A call to action: conserving livestock diversity
Faced with the reality that many indigenous livestock species in Asia, Africa and Latin America are threatened with extinction, researchers from the International Livestock Research Institute (ILRI) have called for the creation of genebanks to store semen and eggs of indigenous animal breeds.
The rapid establishment of genebanks would help conserve the genetic diversity of farm animals and is one of four practical steps outlined by ILRI in a joint report compiled by the UN Food and Agriculture Organisation (FAO).

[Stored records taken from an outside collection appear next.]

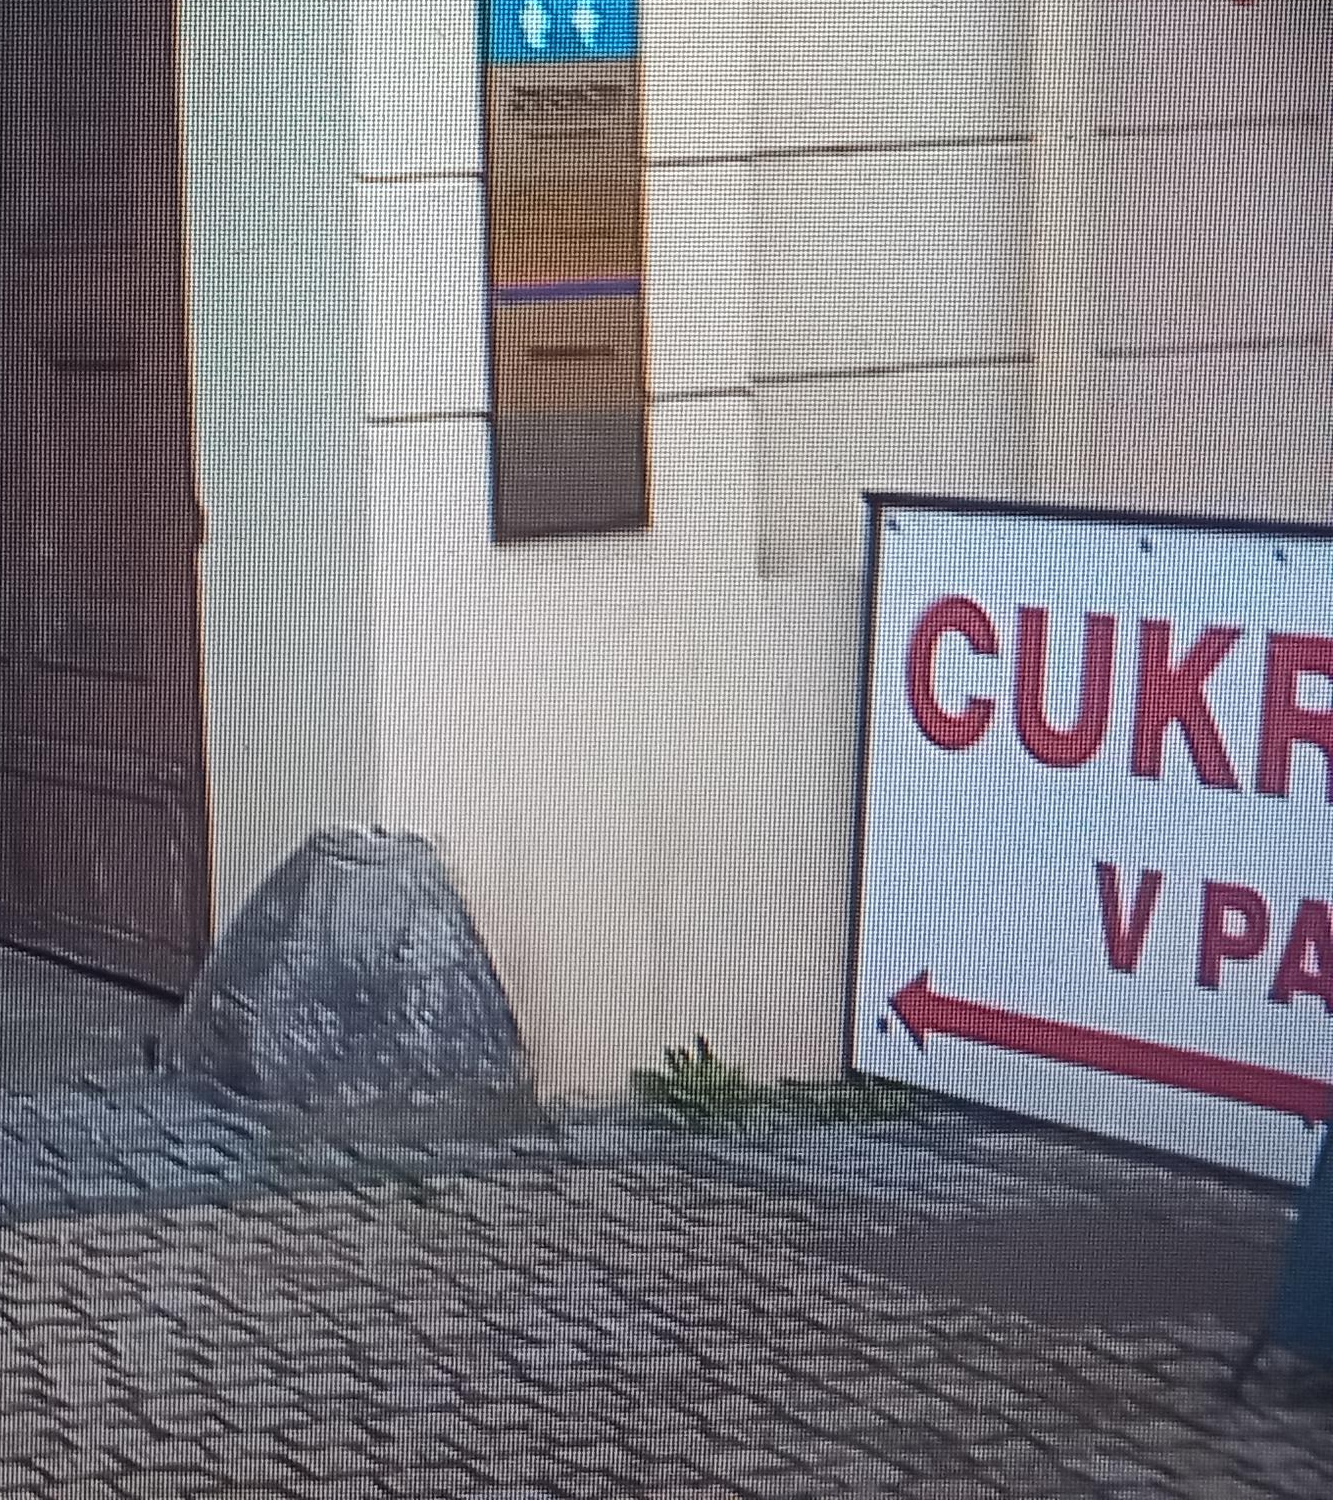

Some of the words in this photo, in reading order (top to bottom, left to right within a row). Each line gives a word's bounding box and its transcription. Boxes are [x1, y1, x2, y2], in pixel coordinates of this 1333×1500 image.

[904, 593, 1332, 804] CUKR
[1096, 861, 1161, 974] V
[1196, 879, 1332, 1016] PA
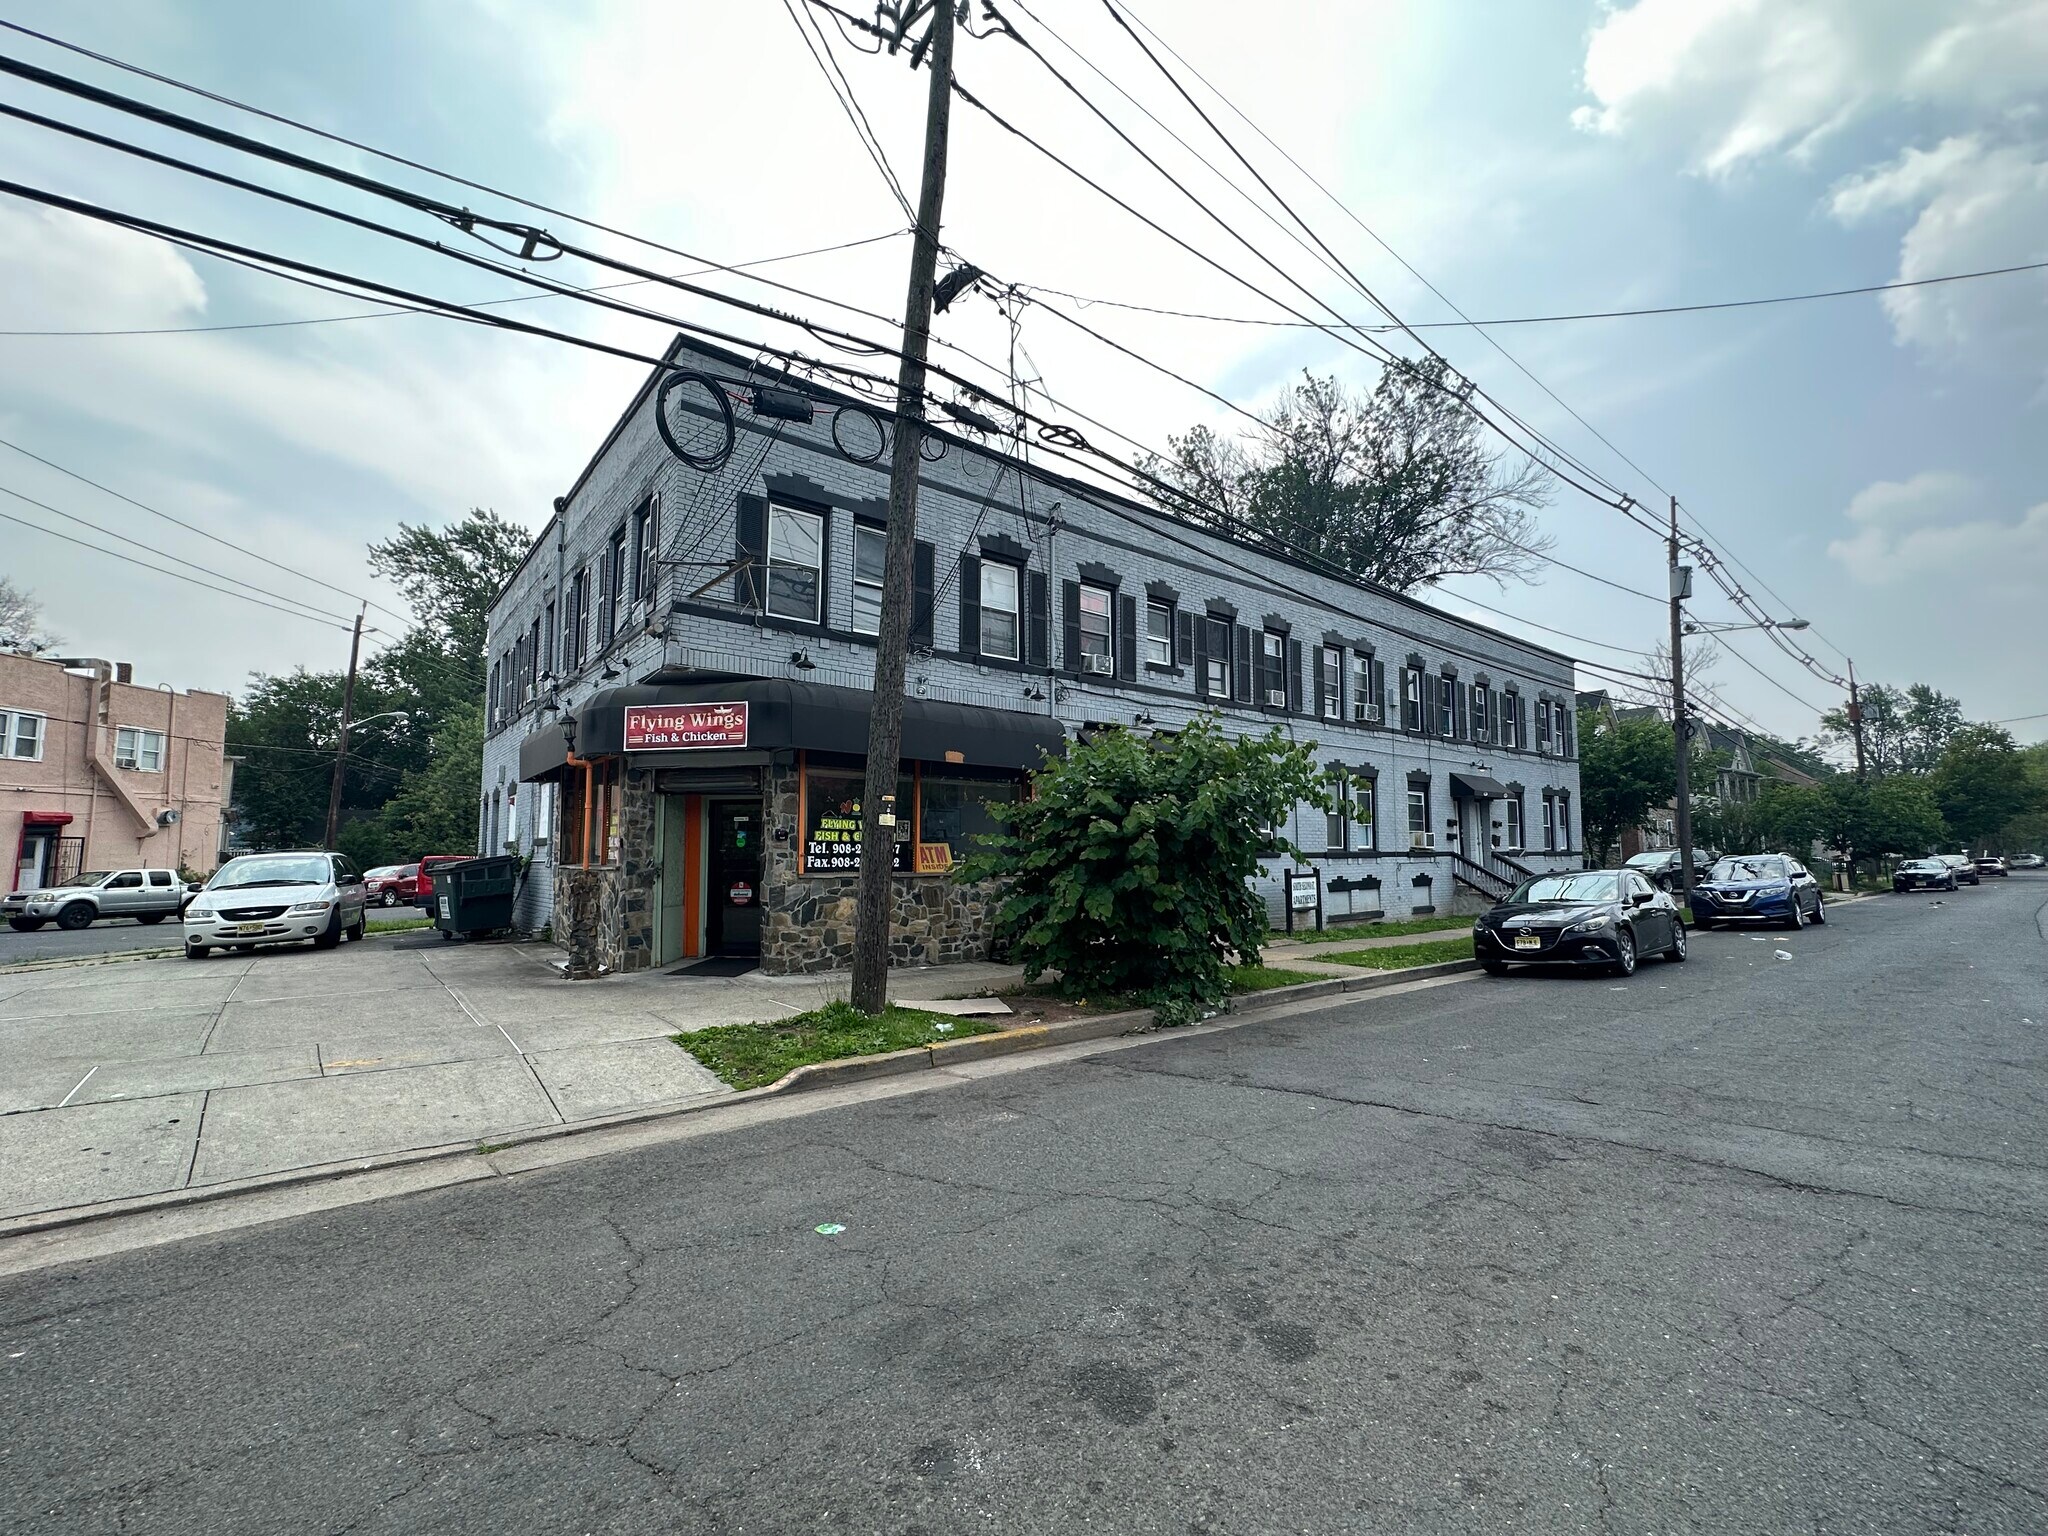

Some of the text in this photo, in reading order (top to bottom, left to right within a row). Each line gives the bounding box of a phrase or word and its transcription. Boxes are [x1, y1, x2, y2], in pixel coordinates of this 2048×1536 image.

[629, 712, 744, 732] Flying Wings
[644, 731, 727, 743] Fish & Chicken
[820, 818, 856, 830] FLYING
[814, 830, 840, 841] FISH
[841, 831, 850, 841] &
[809, 842, 829, 854] Tel.
[920, 846, 948, 864] ATM
[807, 855, 831, 868] Fax.
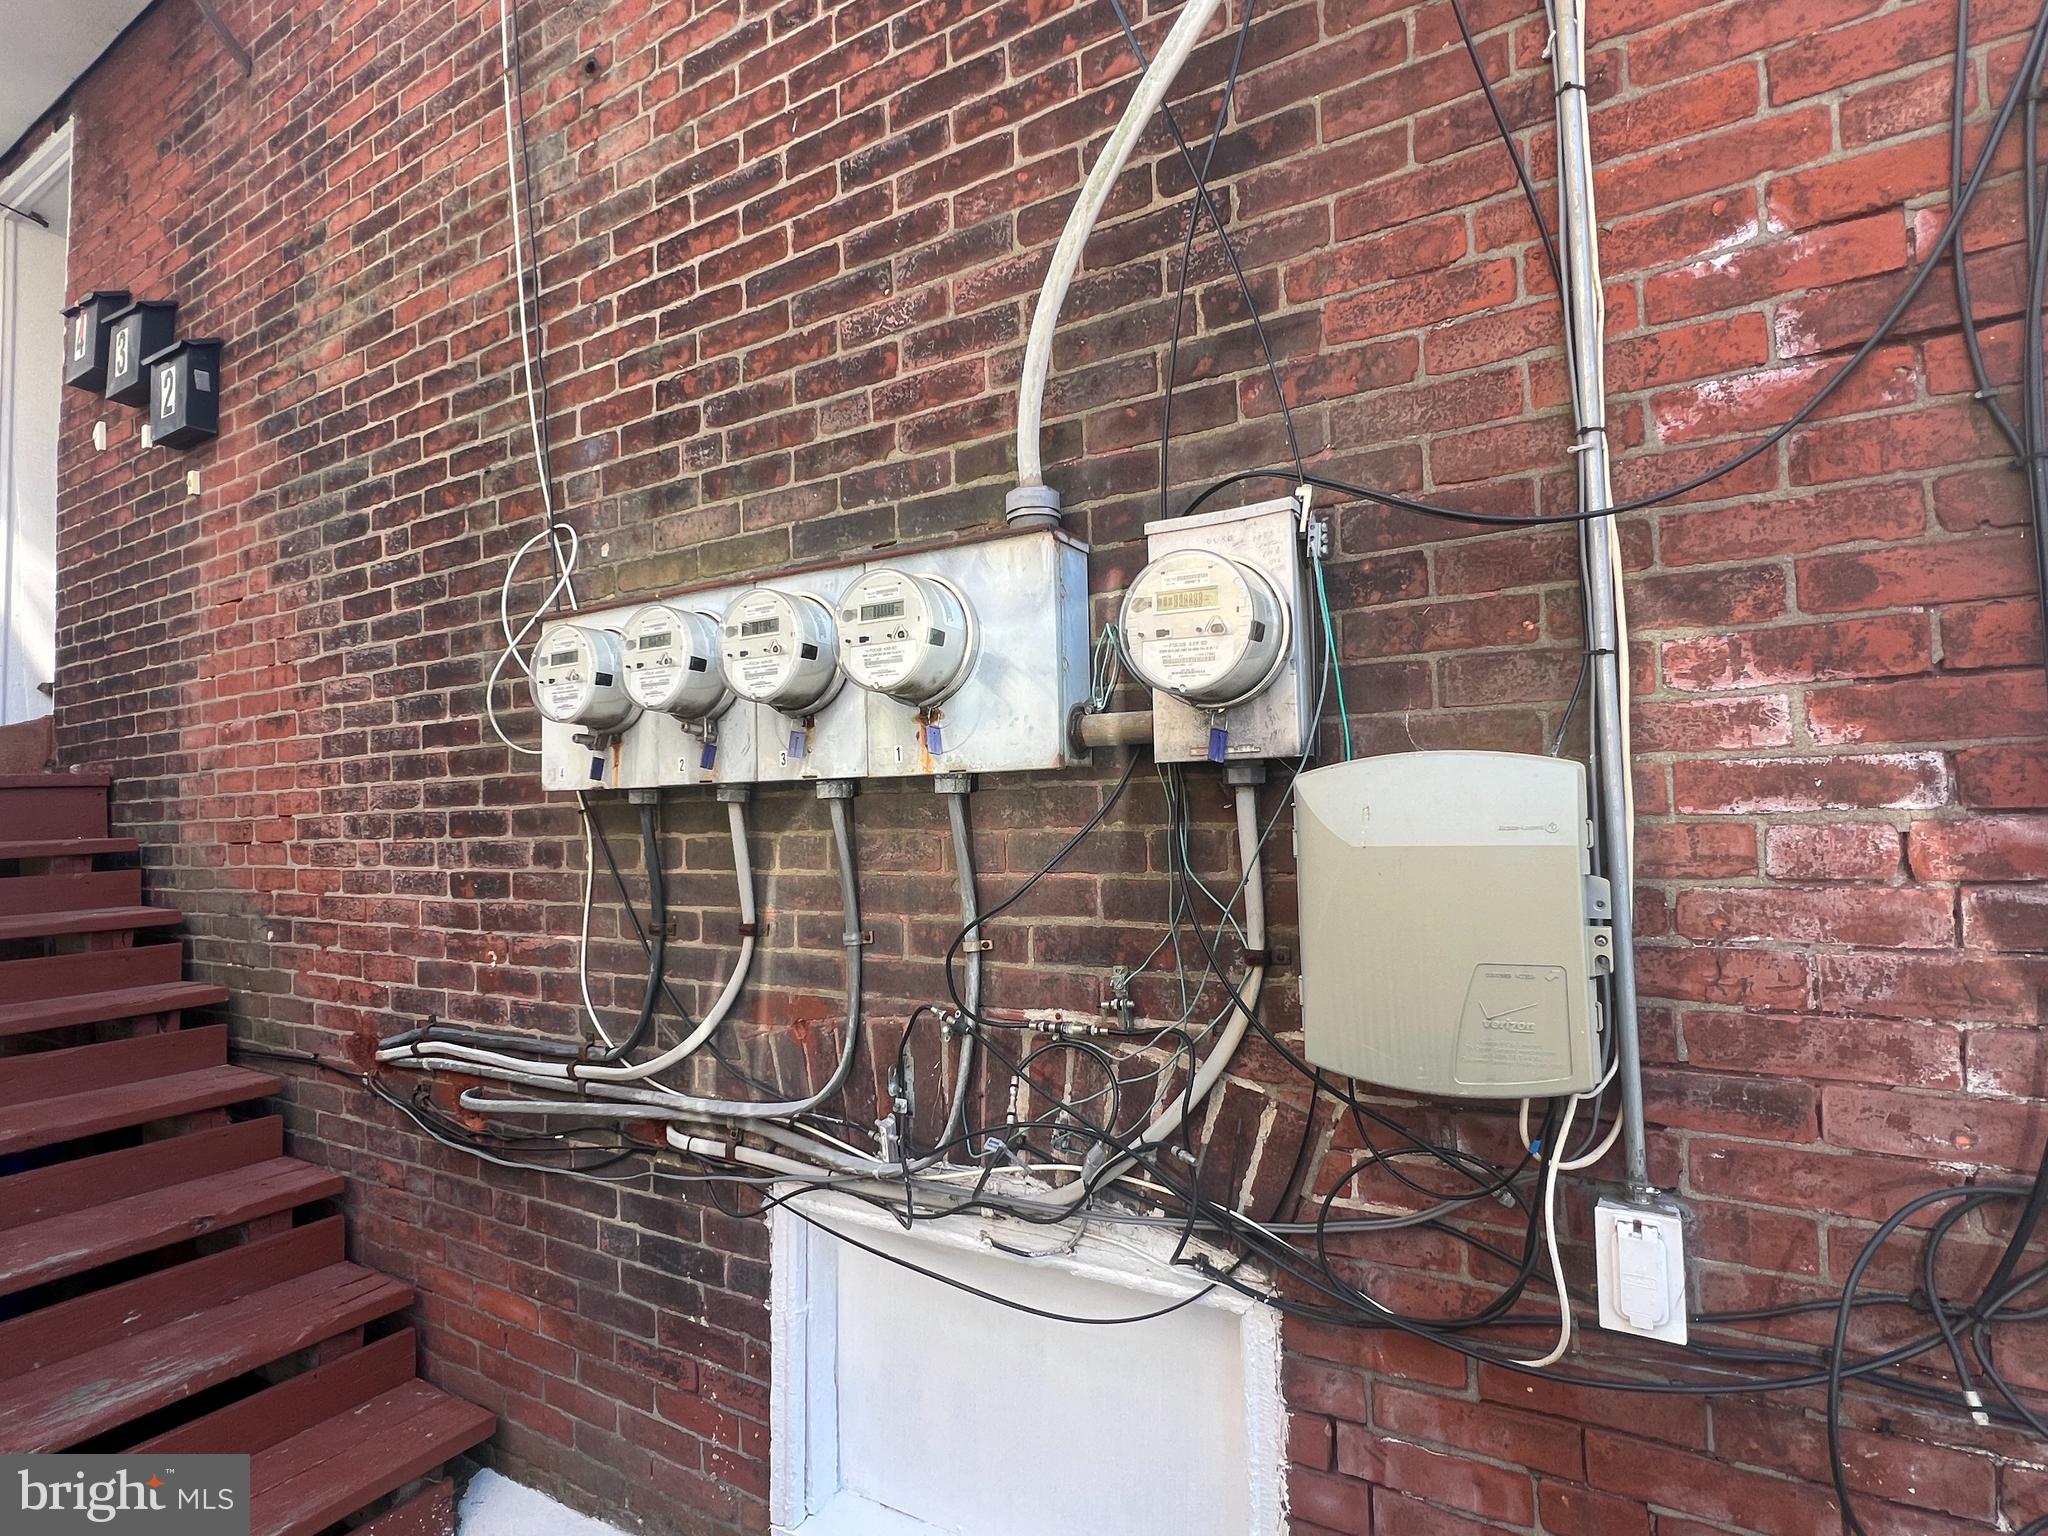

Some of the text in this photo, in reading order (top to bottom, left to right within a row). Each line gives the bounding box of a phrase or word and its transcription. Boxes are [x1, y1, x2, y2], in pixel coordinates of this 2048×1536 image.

[116, 331, 127, 374] 3
[163, 370, 174, 414] 2
[780, 752, 786, 766] 3
[896, 746, 901, 761] 1
[679, 758, 685, 772] 2

Launched at the First International Technical Conference on Animal Genetic Resources held in Interlaken, Switzerland in September 2007, the report "The State of the World's Animal Genetic Resources" highlights the over-reliance on certain breeds of farm animals, including Holstein-Friesian cows, White Leghorn chickens, and Large White pigs, now found in over 120 countries worldwide.
Rapid rate of extinction
Local breeds are estimated to be disappearing at the rate of one a month. "In many cases, we will not even know the true value of an existing breed until it's already gone," stressed ILRI Director-General Carlos Seré, in his keynote address. "This is why we need to act now to conserve what's left."
Surveys conducted in 169 countries have revealed that of the 6800 breeds of domesticated sheep, goats, cattle, poultry and other farm animals, nearly 70 per cent are found in developing countries. However, it is in these regions that global economic and environmental trends are often impacting on livestock keepers, reducing their ability to improve their livelihoods and manage their natural resources. While the climate becomes more unpredictable and extreme weather events more common, the economic value of many indigenous breeds has yet to be appreciated
A catalogue of potential change
In an effort to enhance information exchange and build a greater interest in conservation of indigenous breeds, ILRI has established the Domestic Animal Genetic Resources Information System (DAGRIS), a detailed database containing information on the distribution, characteristics and status of 669 breeds of cattle, sheep, goats, pigs and chickens indigenous to Asia and Africa.
The database also brings together development initiatives conducted by various stakeholders to help countries learn about best practice. Case studies in Uganda, for example, have shown how engaging with farmers can result in increased conservation of local breeds.
While the establishment of genebanks would ensure the immediate survival of the most endangered breeds, ILRI is also working on in-situ conservation. "Storing semen and eggs in genebanks is like taking out an insurance policy," continues Seré. "But in-situ conservation enhances community participation for sustainability." In collaboration with the Global Environment Facility (GEF), the institute has initiated projects for in-situ conservation in four countries in West Africa. A similar project is also planned in Asia.
Valuing the past for the future
By involving communities, the projects will also help conserve indigenous knowledge. In Ethiopia, the Sheko breed of cattle is renowned for its tolerance to trypanosomiasis and is traditionally found in areas infested with tsetse fly, the vector that carries the trypanosomes. Despite the Ethiopian government clearing bushes to reduce tsetse fly numbers, which enabled farmers to introduce high-yielding cattle breeds, many other parts of Ethiopia are still infested with tsetse, making it important to conserve Sheko populations. However, less than 2500 Sheko cattle currently remain in Ethiopia.
The time is now
Worldwide, one billion people are involved in livestock farming and 70 per cent of the poor are dependent on livestock. "For the foreseeable future," says Sere, "livestock will continue to create the means for hundreds of millions of people to escape absolute poverty." Yet compared to the conservation of plant genetic resources, there has, until now, been only limited international attention and efforts to conserve indigenous animal breeds.
However, Sere notes that while the Interlaken conference "did not solve problems per se; it was a political process that challenged ILRI and other stakeholders to capitalise on the good gesture from governments and the international community." He concluded, "Visibility over this issue has been increased and coming together to discuss these issues has helped us to define a way forward."